Gibt es eigentlich Krimis, die eine meditative Wirkung beim Lesen entfalten? Ich weiß es nicht; sollte es sie wirklich geben, "Die Bibliothek meines Großvaters" ist einer davon. Unaufgeregt werden hier Verbrechen aufgedeckt und nebenbei kommt auch die Liebe zur Krimiliteratur groß zu tragen.

Das Thema Demenz hat der Autor sehr sensibel dargestellt. Wer schon mal mit demenzkranken Menschen in Berührung gekommen ist, dürfte sich verstanden fühlen und wertvolle Tipps bekommen, im Umgang mit den erkrankten Menschen.

Die Pfleger und Therapeuten pflegen einen liebevollen Umgang mit dem Großvater und ermöglichen ihm, ein größtenteils, selbstbestimmtes Leben, das überwiegend aus Büchern und Rätsel besteht.


Die Harmonie wird jedoch gestört, nachdem ein Kollege und guter Freund von Kaede eines Verbrechens beschuldigt wird. Als die Lehrerin dann auch noch anonyme Anrufe bekommt, steigt die Spannung kontinuierlich.

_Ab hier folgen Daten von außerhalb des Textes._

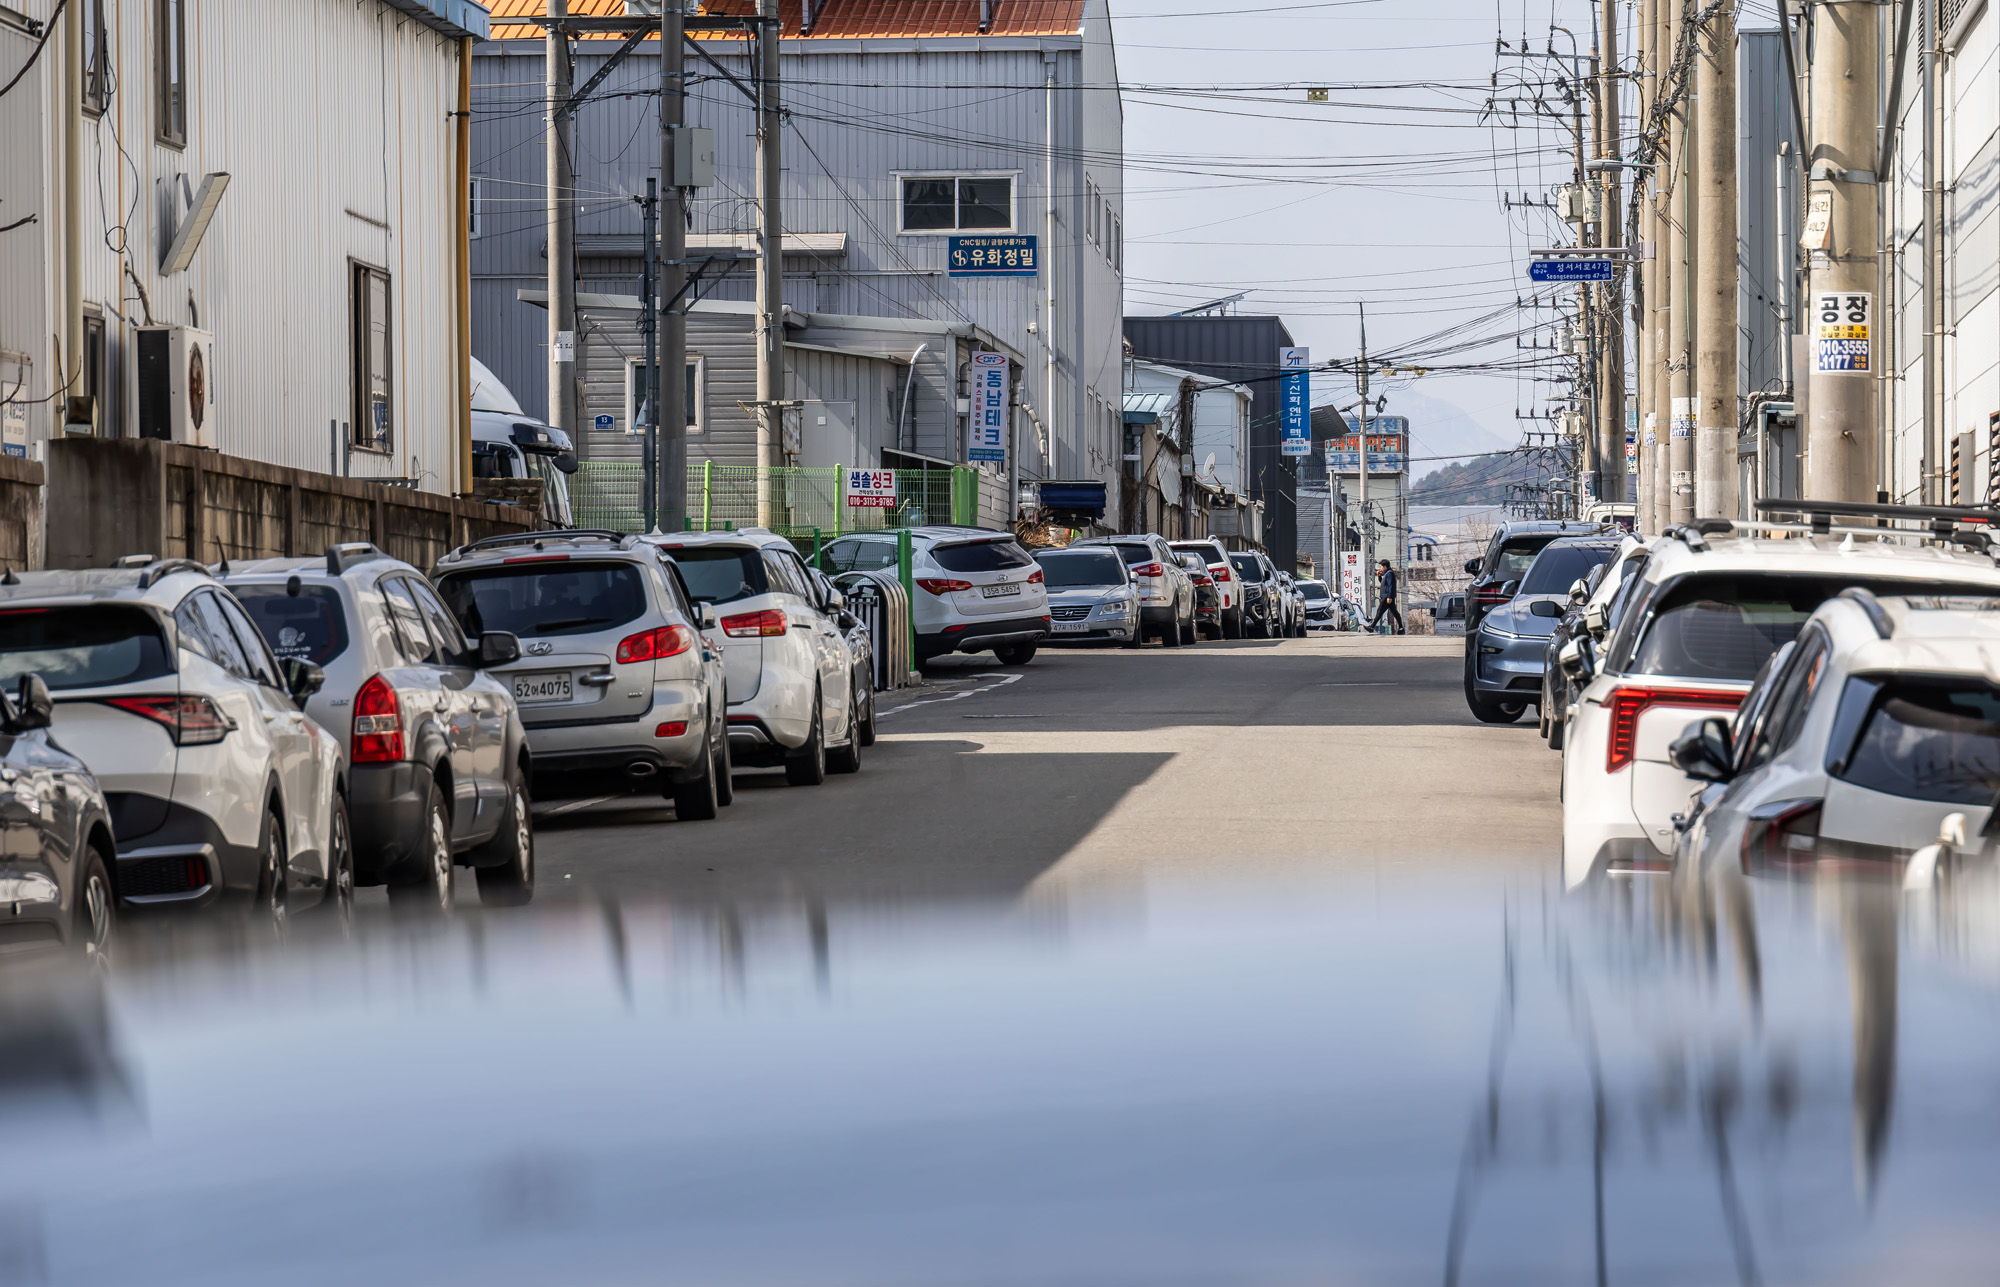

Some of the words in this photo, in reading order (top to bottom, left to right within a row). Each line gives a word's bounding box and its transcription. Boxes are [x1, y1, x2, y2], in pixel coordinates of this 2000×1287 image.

Der Einstieg fiel mir etwas schwer. Ein paar kleine Längen haben mich gedanklich abschweifen lassen, sodass ich wieder ein paar Seiten zurückblättern musste, um ein paar Passagen nochmal zu lesen. Ab einem bestimmten Punkt war es mir jedoch nicht mehr möglich, das Buch zur Seite zu legen. Besonders gut hat mir das respektvolle Miteinander gefallen und die Liebe zu den kleinen Dingen, die wir normalerweise im Alltagstrott allzu oft übersehen. Am Ende waren alle Rätsel auf sehr intelligente Weise gelöst.


Fazit

Die Figuren sind wunderbar gezeichnet und das Setting spiegelt die japanische Ästhetik wider. Ich hatte von Personen und Orten ein genaues Bild vor Augen und habe mich in der Geschichte sehr wohlgefühlt. Der ruhige Schreibstil liest sich meist wie Butter. Das Ende hat mich das Buch zufrieden zuklappen lassen. Ich freue mich auf die Fortsetzungen.

Trotz Kritikpunkte gibt es von mir eine klare Empfehlung. Danke, Masateru Konishi.